EVM(Ethereum Virtual Machine)互換ブロックチェーンは、イーサリアムブロックチェーンのスマートコントラクト機能、プログラミング言語(Solidity)、およびツールエコシステムと互換性を持つように設計されています。このプロセスにおいて、EVM準拠の仮想マシンの実装は重要なステップの一つです。しかし、私たちの調査の結果、異なる実装間でEVMの互換性を維持することは容易ではないことがわかりました。

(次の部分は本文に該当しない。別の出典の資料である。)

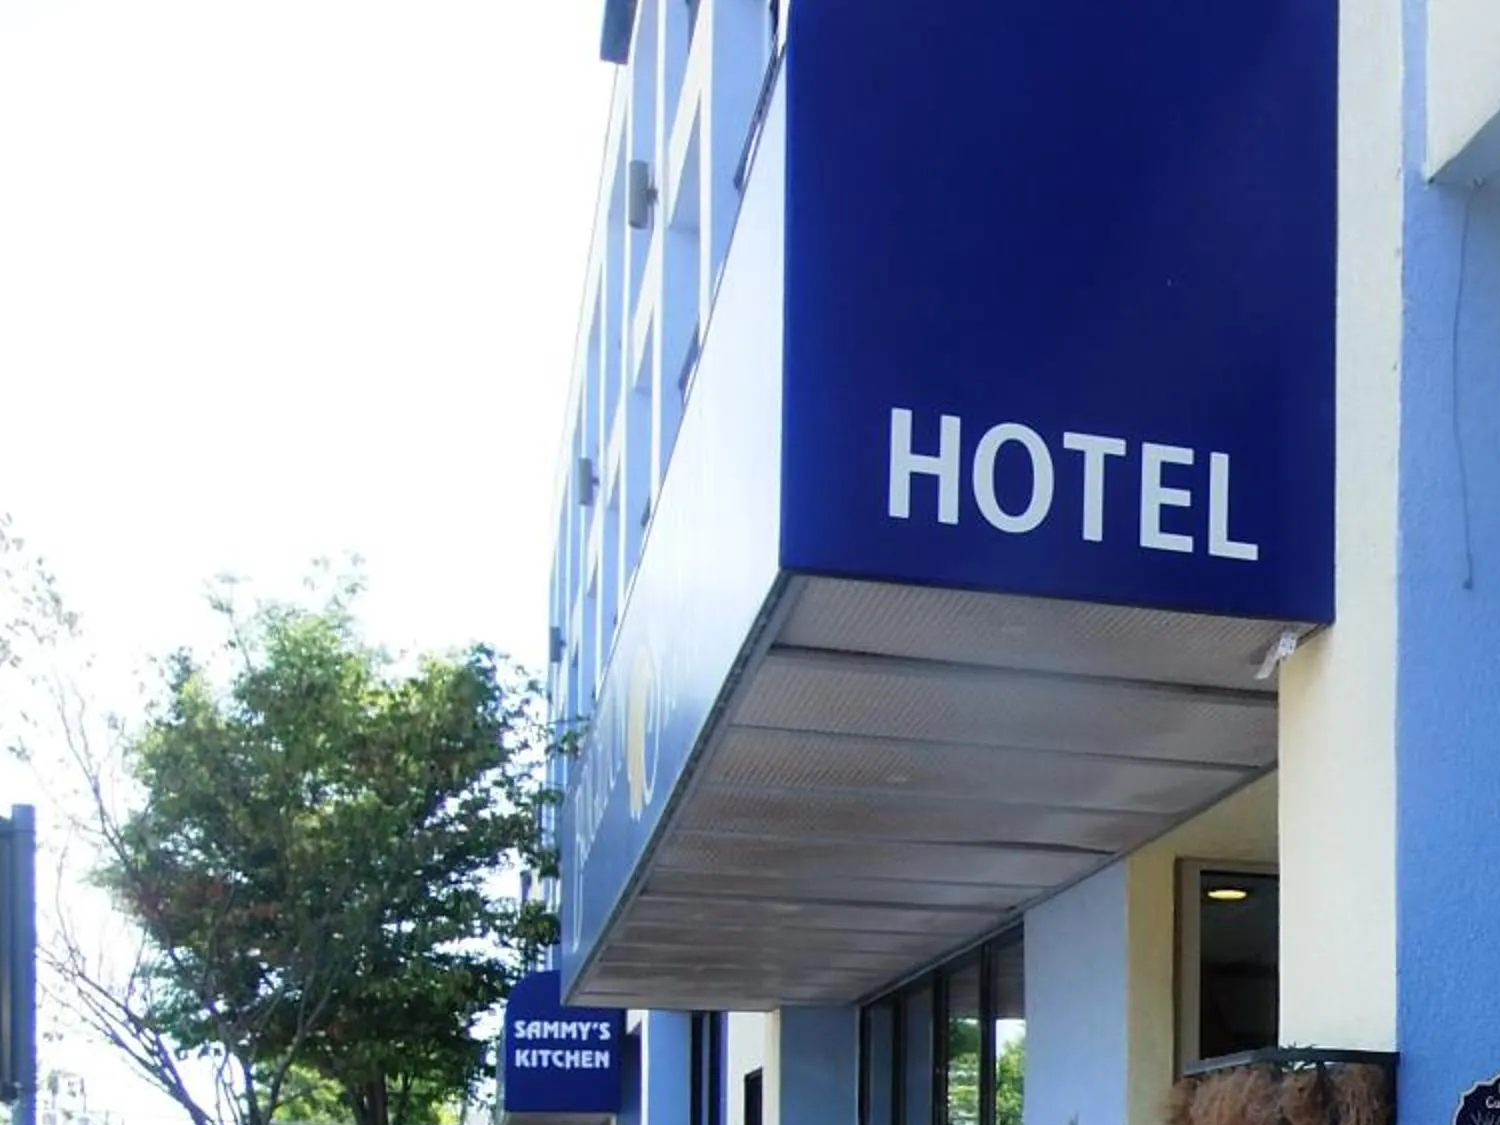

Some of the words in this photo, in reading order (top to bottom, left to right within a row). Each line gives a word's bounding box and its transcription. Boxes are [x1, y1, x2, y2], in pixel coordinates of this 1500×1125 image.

[888, 407, 1258, 560] HOTEL
[514, 1020, 611, 1041] SAMMY'S
[515, 1049, 610, 1069] KITCHEN
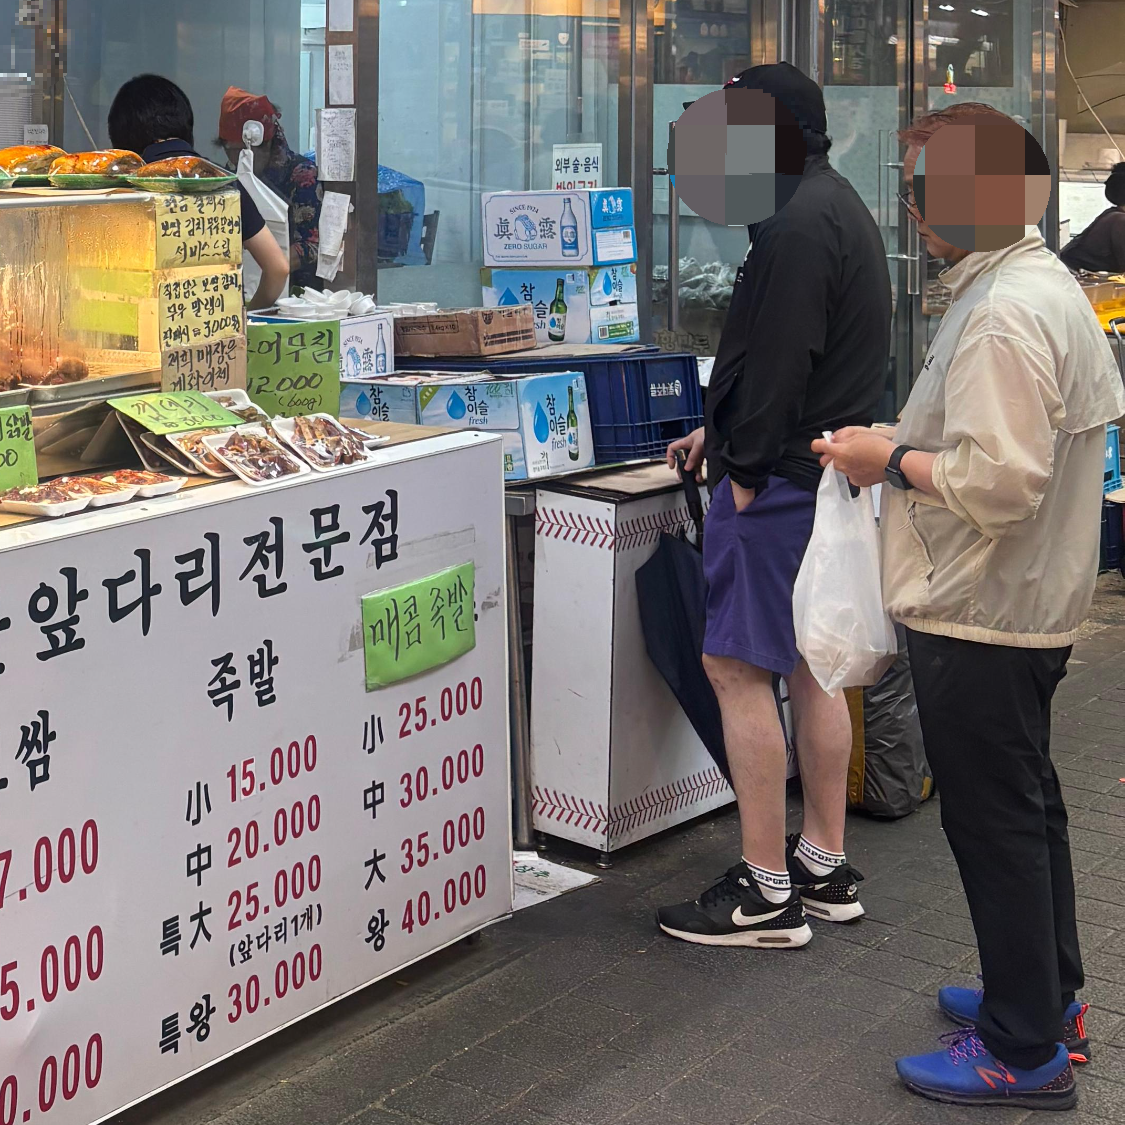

この問題を解決するために、BlockSecはEVM実装内のバグやセキュリティ脆弱性を体系的に特定できる内部システムを開発しました。このシステムは有効であることが証明されています。Aurora Engineで4つのバグ、Moonbeamで4つのバグがこのシステムによって発見されました。すべて報告され、修正済みです。なお、このテスト手法は昨年、Solanaのrbpf実装における2つの重大な脆弱性(CVE-2021–46102CVE-2022–23066)の特定にも使用されました。

1. 背景

今日、低いガス代、高いスループット、優れたパフォーマンスを最適化する多くの異なるブロックチェーンが提案されています。これに伴い、新しい仮想マシンや開発言語も提案されており、それが既存のSolidity開発者にとって参入障壁となっています。こうした状況下で、Solidityで開発されたDAppsを新しいチェーンにデプロイできる、多くのEVM互換ソリューションが提案されています。AuroraやMoonbeamは、これらのEVM互換ソリューションの代表例です。しかし、これらのEVM実装の堅牢性、信頼性、正確性は未知数であり、私たちの注意を払う価値があります。このため、私たちは差分ファジング手法(differential fuzzing technique)を活用し、実装に欠陥がないかを確認することにしました。

2. 差分ファジング

基本的な考え方は、同一の入力をこれらのEVM実装(例:Aurora、Moonbeam)と最先端のイーサリアムクライアント(例:geth)に与え、出力が同じかどうかを確認することです。具体的には、イーサリアムの過去のトランザクションを収集し、コントラクトコードやトランザクションの状態をさまざまな戦略でミューテーション(突然変異)させることでテストケースを生成します。調査の結果、Aurora EngineとMoonbeamは一部のケースで仕様に準拠していないことが判明しました。幸い、報告されたすべての問題は対処済みであり、詳細を共有します。

3. 発見されたバグ

これらのバグのほとんどはプリコンパイルコントラクトにあり、その根本原因と影響はさまざまです。例えば、一部のバグはnonce値の計算に影響を与える可能性があり、他のバグはガス計算に影響を与え、さらにはDoS攻撃につながる可能性があります。発見されたすべてのバグは、EVM仕様の指定された実行ロジックに反しており、特定のケースで予期しない動作を引き起こす可能性があります。発見されたバグの詳細な説明は以下の通りです。

3.1 不適切な検証

暗号ロジックは複雑です。そのため、EVMバイトコードで対応するロジックを実装すると、かなりのガス消費量になる可能性があります。代わりに、ネイティブコードで開発されたプリコンパイルコントラクトを使用することで、パフォーマンスを向上させることができます。しかし、私たちは不適切な検証によるバグをプリコンパイルコントラクト内にいくつか発見しました。

Aurora Engine: ecPairing

このバグはプリコンパイルコントラクト ecPairing で発見されました。

ecPairing の入力は、2つの楕円曲線上の複数の点で構成されています。仕様によると、点 (0, 0) は両方の曲線上にあり、有効な入力であるはずです。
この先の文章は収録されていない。